I'm glad I don't live near enough to you to have to help move it


----------



## Keith Mathewson (Sep 23, 2010)

No worries there, I have a forklift!


----------



## BigJim (Sep 2, 2008)

That is going to be one nice bench, I hope a smaller one is in my future. Thanks for sharing Keith.


----------



## Tom King (Nov 22, 2013)

Nice!


----------



## cabinetman (Jul 5, 2007)

Looks good. Are you sure it's going to be big enough?








 







.


----------



## burkhome (Sep 5, 2010)

That is one fine bench...What will the base look like?


----------



## Keith Mathewson (Sep 23, 2010)

cabinetman said:


> Looks good. Are you sure it's going to be big enough?
> 
> 
> Initially it was going to be about 9' long and patterned after the shaker bench at Hancock Shaker Village which is 12' long. The only decent hard maple I could find in 8/4 came in 12' lengths, so here we are.


----------



## MasterSplinter (Jan 12, 2013)

Damn that is one monster bench. Cant wait to see it finished. How did you do the square bench dogs and holes?

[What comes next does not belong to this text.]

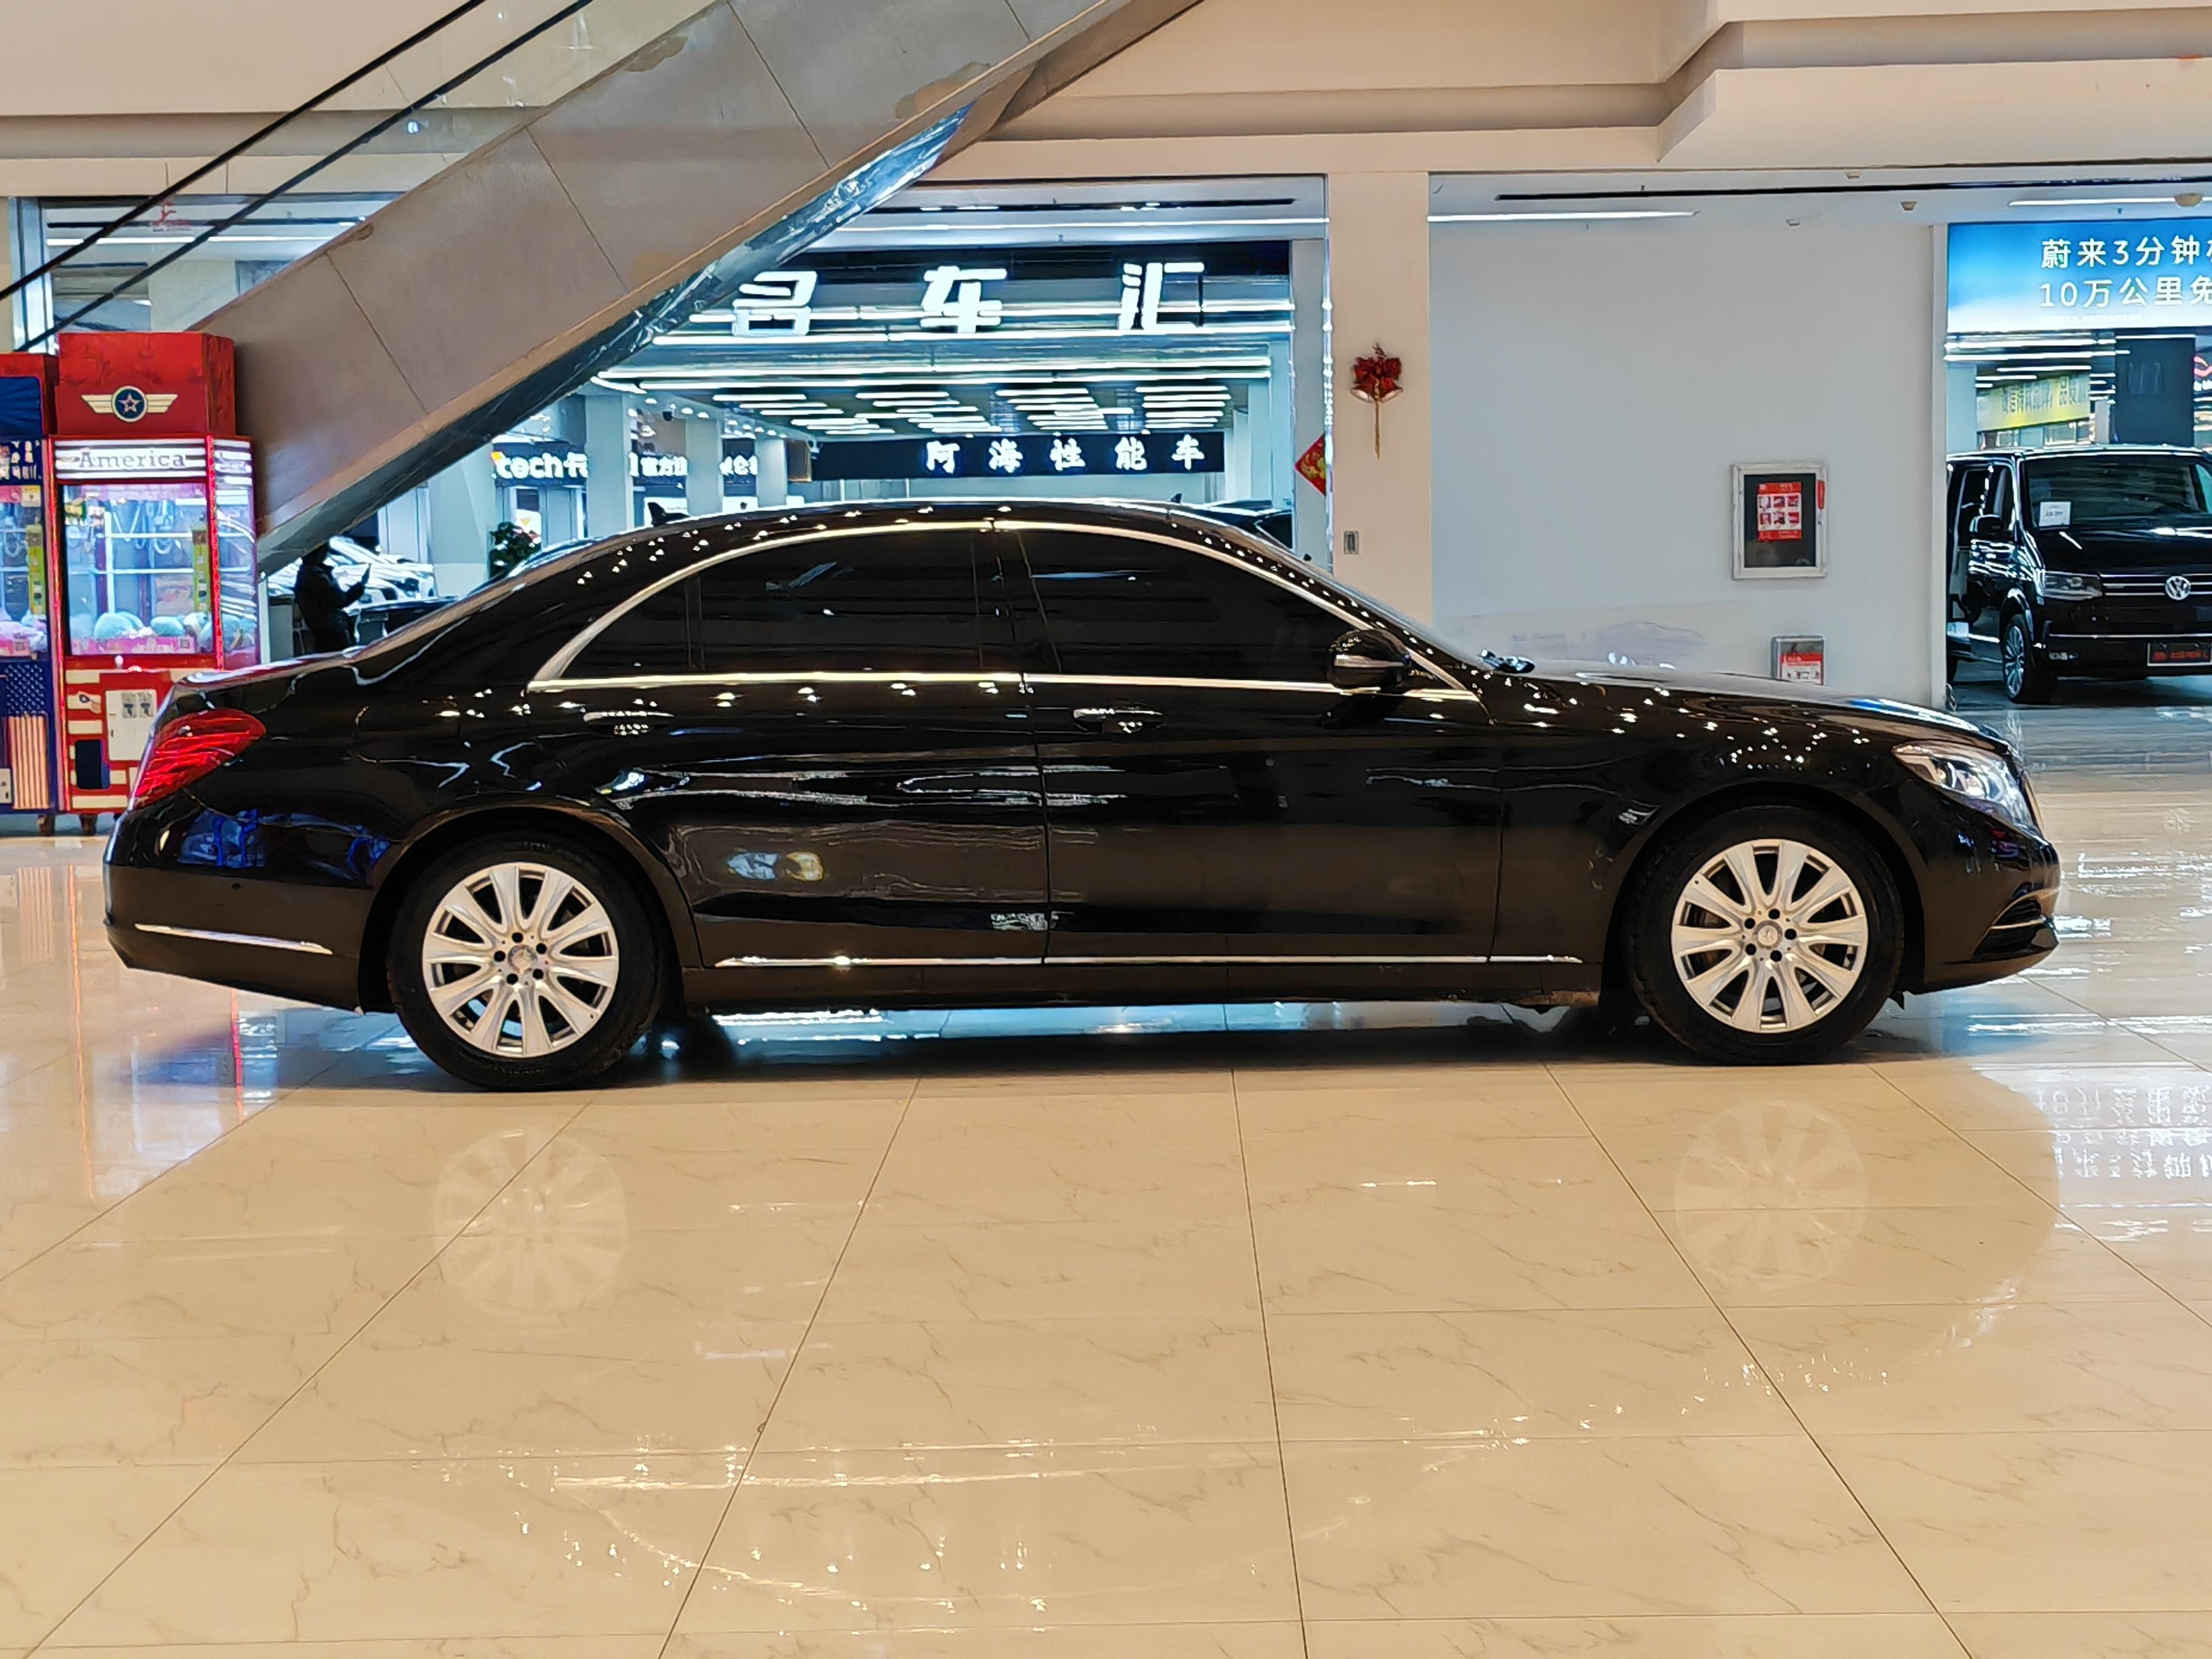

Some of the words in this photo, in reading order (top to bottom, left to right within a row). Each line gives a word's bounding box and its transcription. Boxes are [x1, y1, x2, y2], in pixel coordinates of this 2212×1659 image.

[2041, 234, 2212, 269] 蔚来3分钟
[2040, 275, 2212, 308] 10万公里免
[79, 450, 186, 468] America
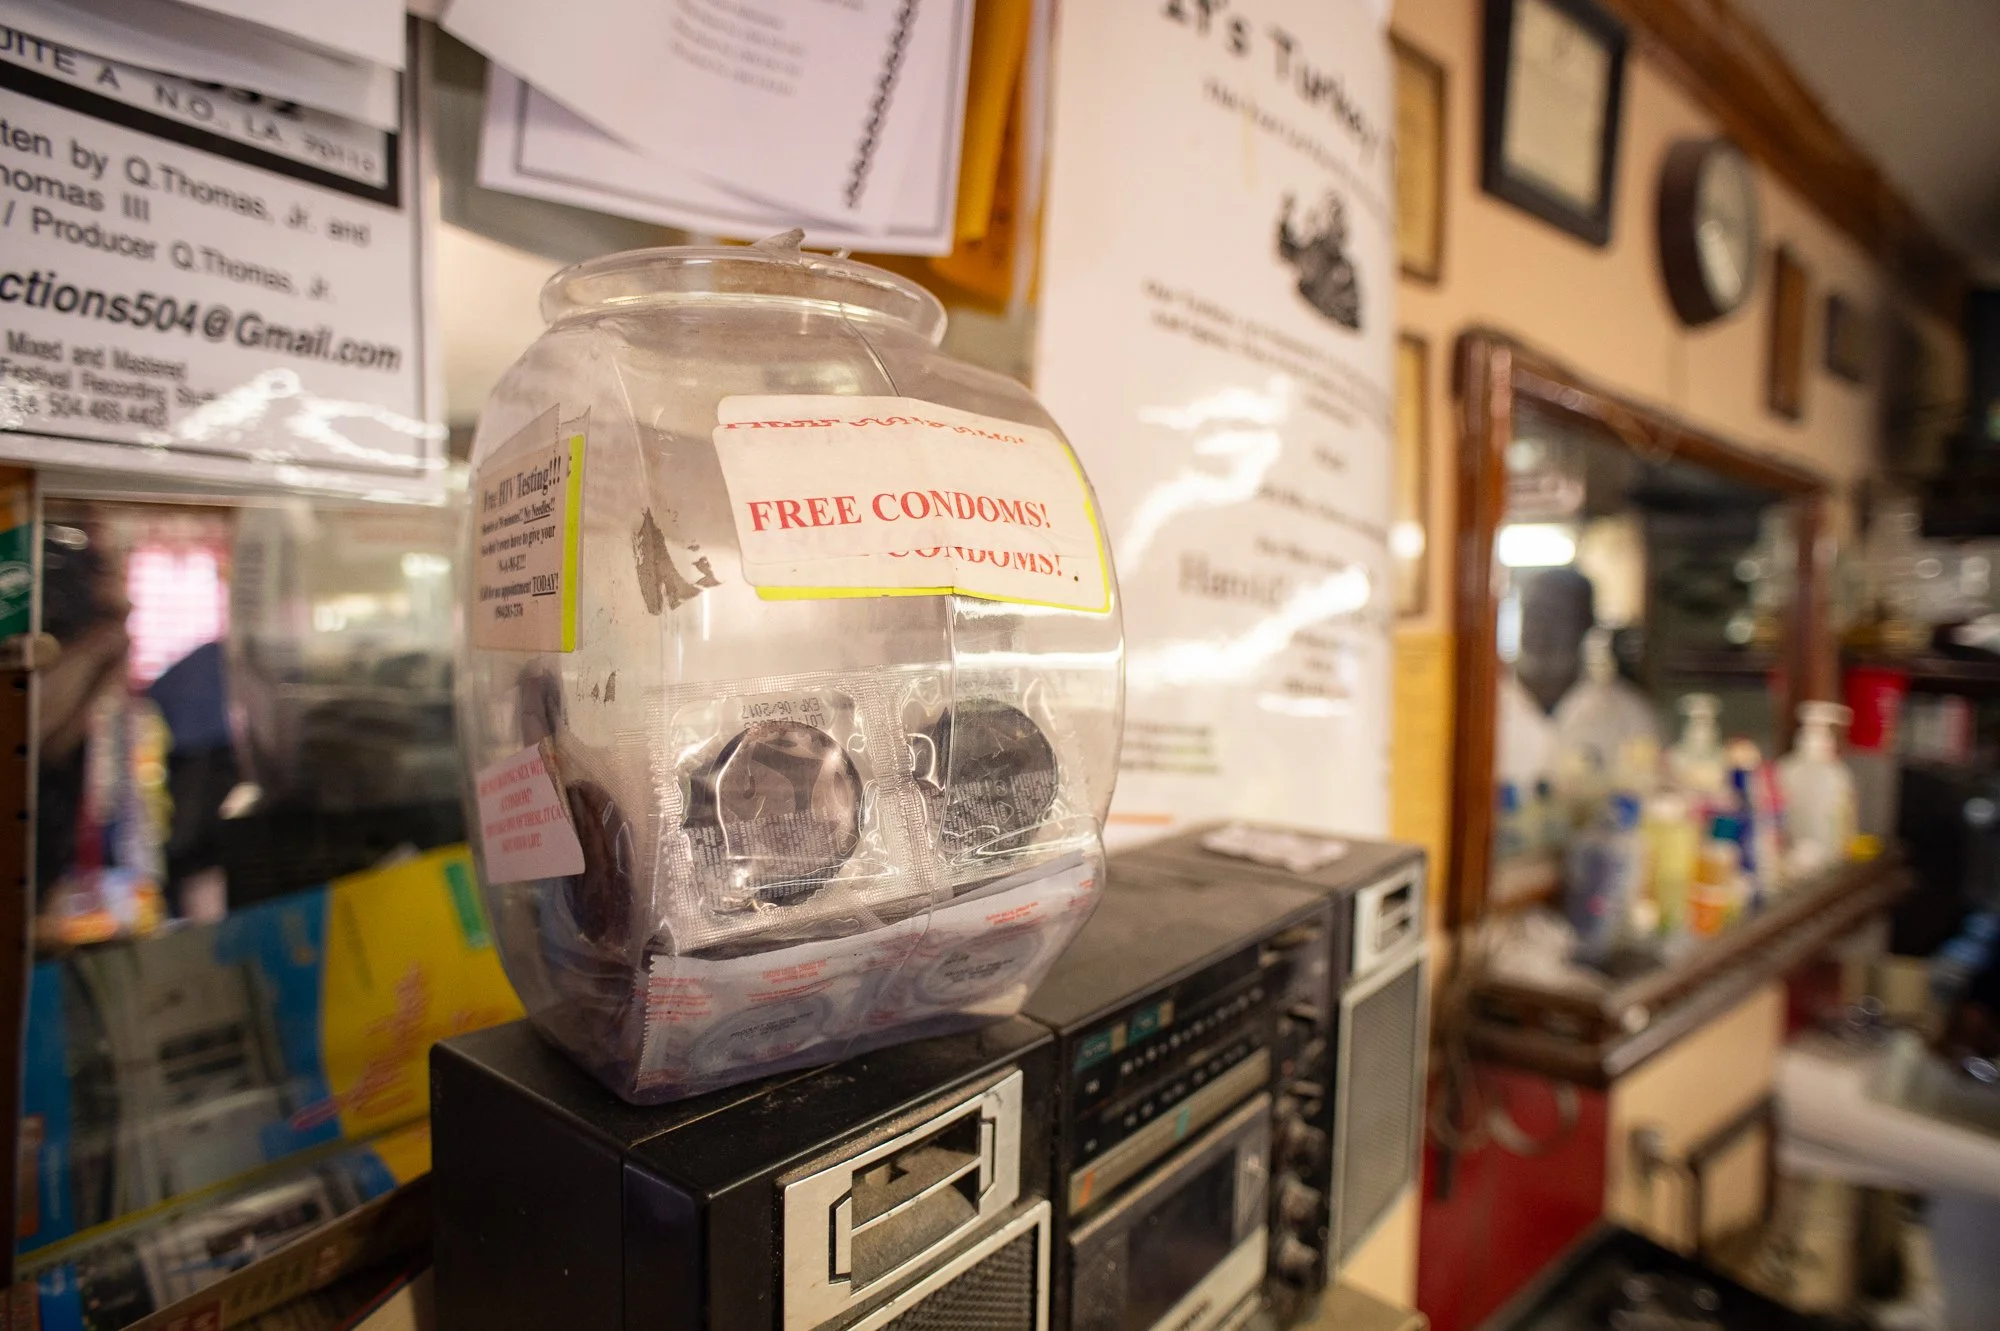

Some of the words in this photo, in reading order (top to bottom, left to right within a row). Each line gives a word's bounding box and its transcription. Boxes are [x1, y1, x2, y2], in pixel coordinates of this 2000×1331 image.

I wish i did live closer. I would love to see that shop and bench in person.


----------



## acowboy (Nov 20, 2013)

Wow, am impressed..nice.


----------



## Keith Mathewson (Sep 23, 2010)

The square bench dogs are milled out of one of the strips of bench material. Mine are leaning toward the vice by 6 degrees. These were cut on a radial arm saw with a dado blade but you could use a router and template or a handsaw and router plane.

The Bench dogs were milled as a strip, cut to length and shaped on the bandsaw.


----------



## ACP (Jan 24, 2009)

Lovin' it! 12' long. That's not gonna skitter on you that's for sure. I like the square dog holes. Are they going to work with the holdfasts? I like how your router is standing. lol. I can't wait to see it done and in place.


----------



## Keith Mathewson (Sep 23, 2010)

Today I essembled the rough carcass and started to layout for the leg vice. The holdfasts will not go into the dog holes, there will be 4 holes for the holdfasts which are yet to be drilled. Since the holdfasts are about 18" long there are 4 bays to receive them and not interfere with the drawers.


----------



## burkhome (Sep 5, 2010)

What brand are the vises you are using and where did you get them?


----------



## Keith Mathewson (Sep 23, 2010)

The vises are from Benchcrafted http://www.benchcrafted.com . I like the vises but after installing them there are some changes I'm going to make. I'll post pics of it when ready.


----------



## judgment (May 22, 2014)

Awesome thread - any updates?


...On my dang phone


----------



## Keith Mathewson (Sep 23, 2010)

The bench is about 90% complete. The doors & drawers are complete, the sliding deadman is on and the holdfasts are installed. The drawers have handcut dovetails, drawer slips and are veneered. The doors still need to be hung and drawer bottoms installed.


----------



## judgment (May 22, 2014)

Awesome. I can't wait to see the finished product. 


...On my dang phone


----------



## BigJim (Sep 2, 2008)

Man that is some beautiful work buddy. One thing is for sure, you don't do anything half way. Anyone who can do this type of work can do any kind of wood work:
http://www.thisiscarpentry.com/2011/11/25/traditional-tangent-handrail/

I am still enjoying the hand planes.


----------



## strippedscrew (Oct 28, 2012)

12' !!!
Think I'll build one like that, I'll open a Dine & Dance on one end to pay for it.


----------



## judgment (May 22, 2014)

What clamps did you use in the shot of the top glue-up? Are those professional, I-make-my-living-with-these type clamps, and would you recommend them to a hobbyist such as myself?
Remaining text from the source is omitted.